Only the pictures are to be omitted; everything else in the listing must be reproduced exactly.

──────────────────────────────

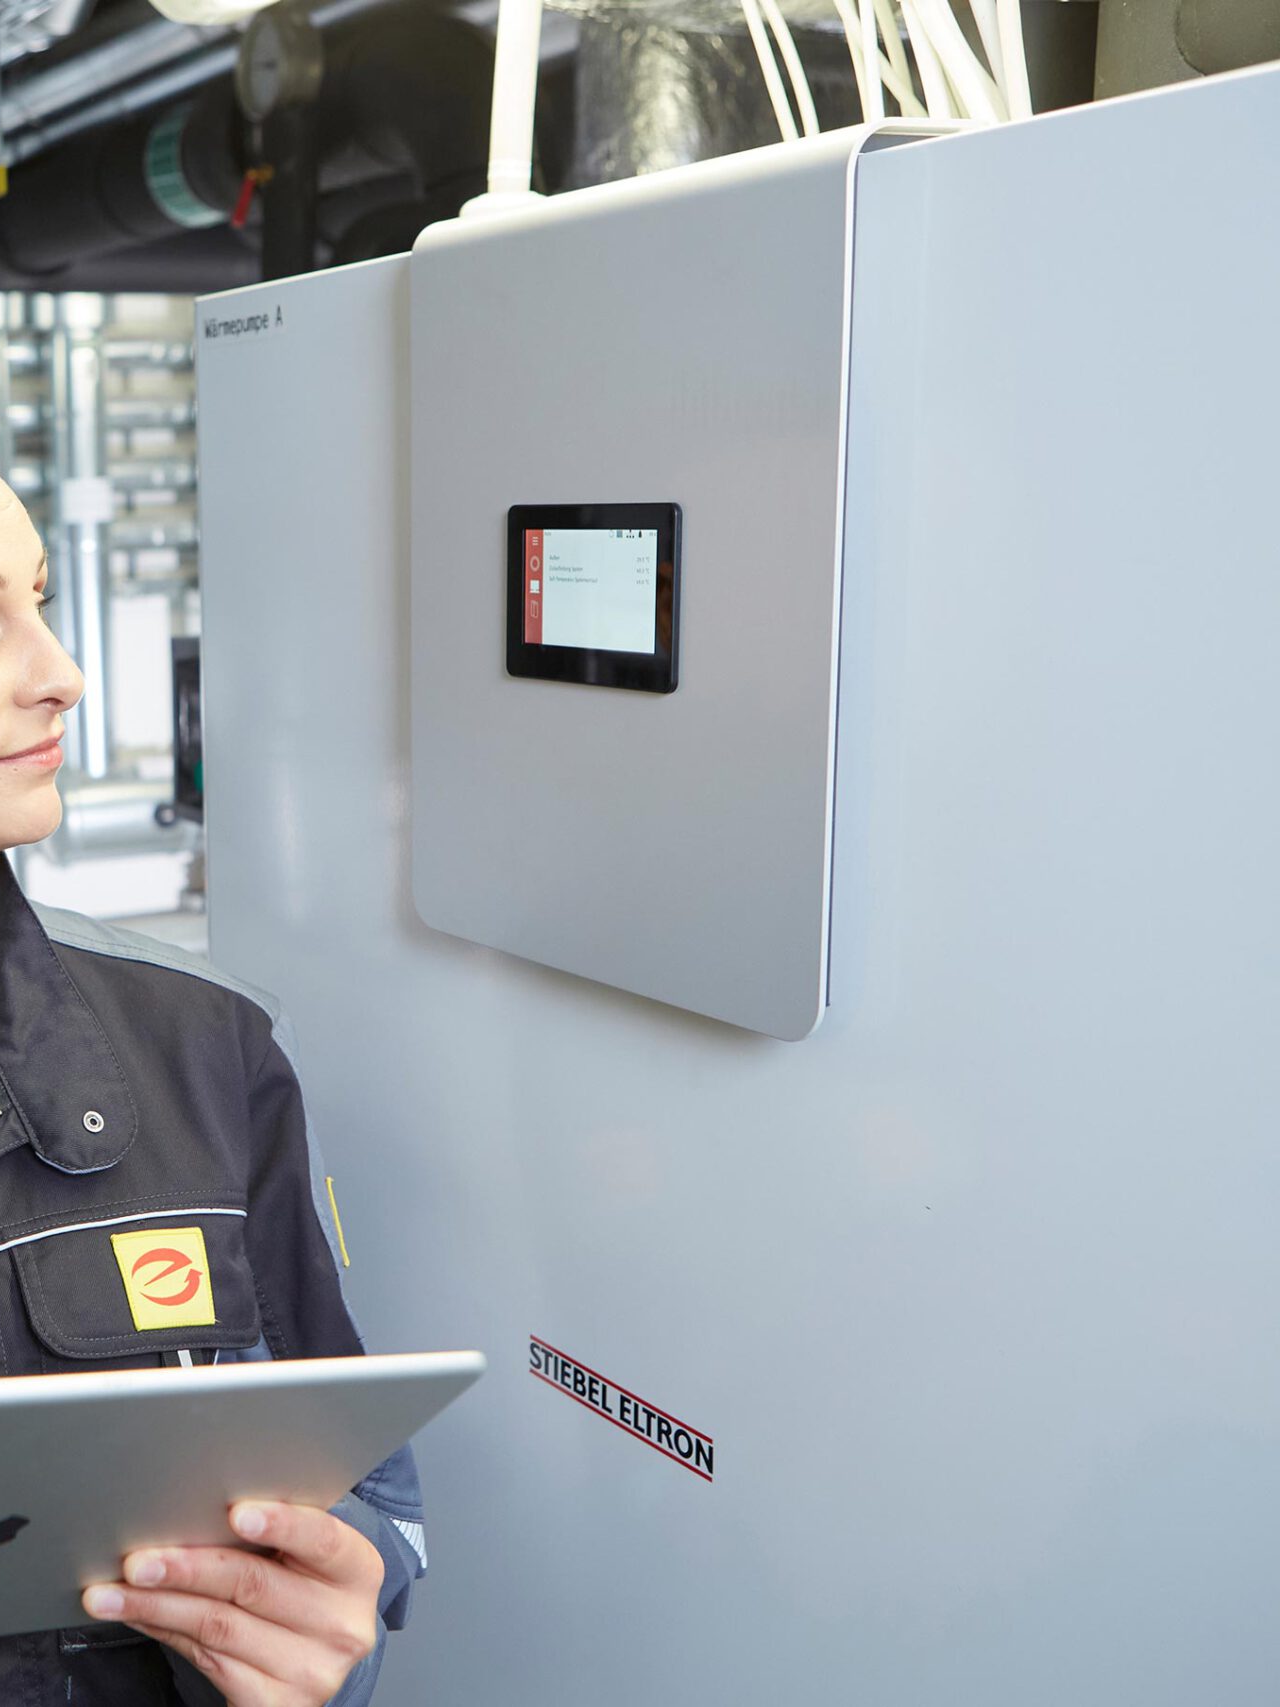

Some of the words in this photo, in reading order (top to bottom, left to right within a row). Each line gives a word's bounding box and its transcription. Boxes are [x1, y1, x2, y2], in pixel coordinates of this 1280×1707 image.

[204, 313, 269, 338] Wärmepumpe
[275, 304, 284, 327] A
[529, 1341, 613, 1415] STIEBEL
[619, 1393, 714, 1475] ELTRON
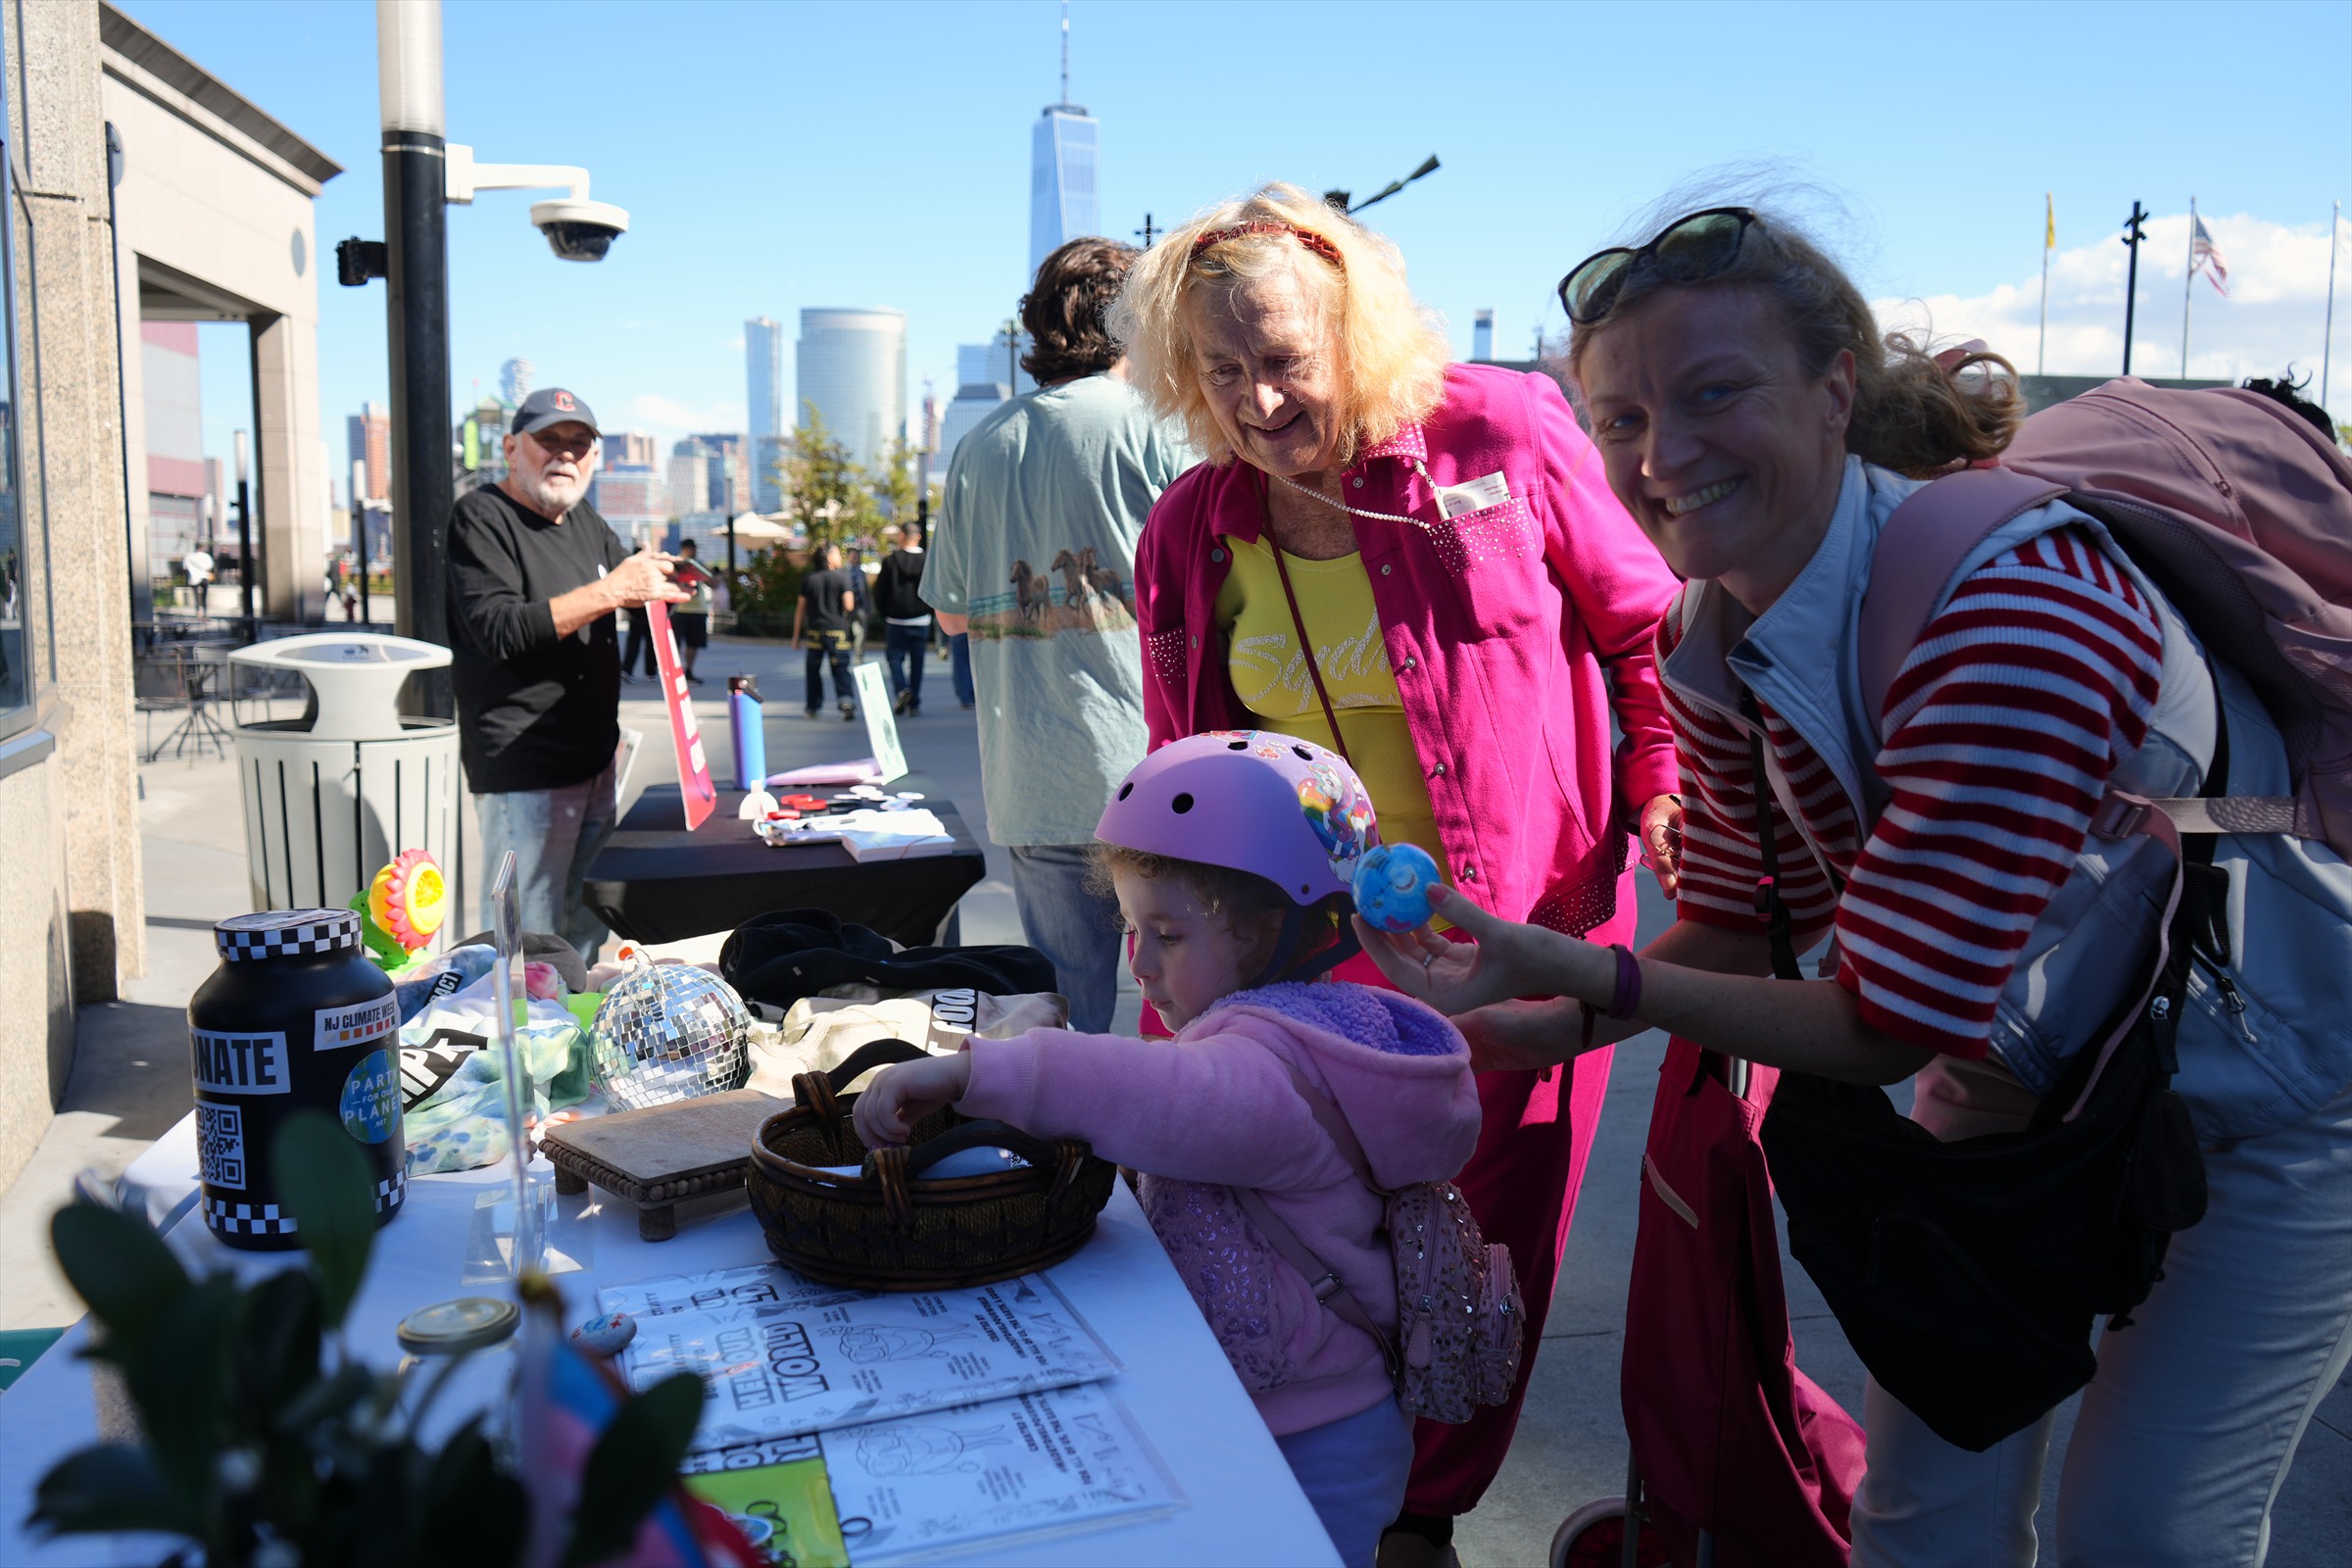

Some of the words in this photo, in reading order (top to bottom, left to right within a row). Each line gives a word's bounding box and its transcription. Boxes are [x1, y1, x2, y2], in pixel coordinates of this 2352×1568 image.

[324, 1016, 339, 1031] NJ
[343, 1006, 380, 1029] CLIMATE
[351, 1067, 397, 1095] PARTY
[344, 1093, 401, 1125] PLANET
[363, 1092, 379, 1103] FOR
[690, 1287, 729, 1311] UR
[980, 1319, 1000, 1343] CREATED
[714, 1327, 760, 1364] OUR
[760, 1321, 830, 1403] WORLD
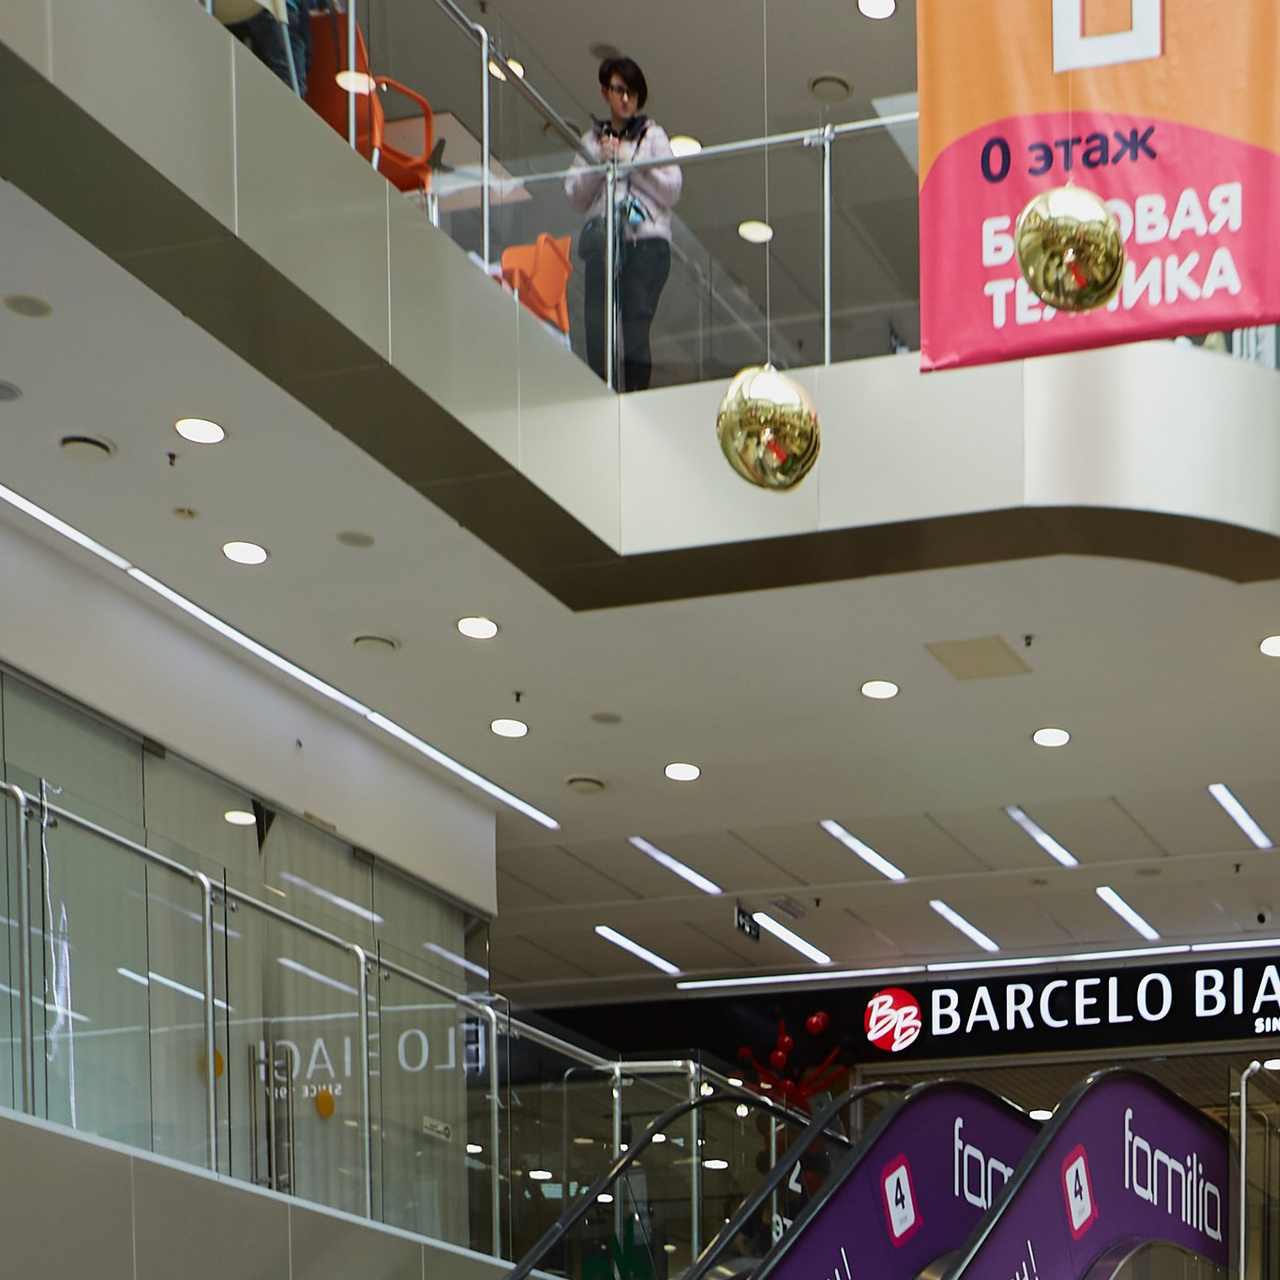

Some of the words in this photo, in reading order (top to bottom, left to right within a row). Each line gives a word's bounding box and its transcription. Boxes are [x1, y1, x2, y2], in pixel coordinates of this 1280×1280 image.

[981, 137, 1011, 183] 0
[1028, 126, 1157, 176] этаж
[981, 182, 1242, 267] БОВАЯ
[984, 247, 1242, 329] ТЕИКА
[932, 973, 1172, 1035] BARCELO
[894, 1176, 905, 1210] 4
[1074, 1167, 1083, 1201] 4
[1125, 1108, 1222, 1242] familia

──────────────────────────────

--- Output for this task ---
Some of the words in this photo, in reading order (top to bottom, left to right within a row). Each line gives a word's bounding box and its transcription. Boxes are [x1, y1, x2, y2], in pixel coordinates of this 1280×1707 image.

[204, 313, 269, 338] Wärmepumpe
[275, 304, 284, 327] A
[529, 1341, 613, 1415] STIEBEL
[619, 1393, 714, 1475] ELTRON

Some of the words in this photo, in reading order (top to bottom, left to right within a row). Each line gives a word's bounding box and its transcription. Boxes are [x1, y1, x2, y2], in pixel coordinates of this 2352×1568 image.

[324, 1016, 339, 1031] NJ
[343, 1006, 380, 1029] CLIMATE
[351, 1067, 397, 1095] PARTY
[344, 1093, 401, 1125] PLANET
[363, 1092, 379, 1103] FOR
[690, 1287, 729, 1311] UR
[980, 1319, 1000, 1343] CREATED
[714, 1327, 760, 1364] OUR
[760, 1321, 830, 1403] WORLD

Some of the words in this photo, in reading order (top to bottom, left to right within a row). Each line gives a word's bounding box and its transcription. Boxes are [x1, y1, x2, y2], in pixel coordinates of this 1280×1280 image.

[981, 137, 1011, 183] 0
[1028, 126, 1157, 176] этаж
[981, 182, 1242, 267] БОВАЯ
[984, 247, 1242, 329] ТЕИКА
[932, 973, 1172, 1035] BARCELO
[894, 1176, 905, 1210] 4
[1074, 1167, 1083, 1201] 4
[1125, 1108, 1222, 1242] familia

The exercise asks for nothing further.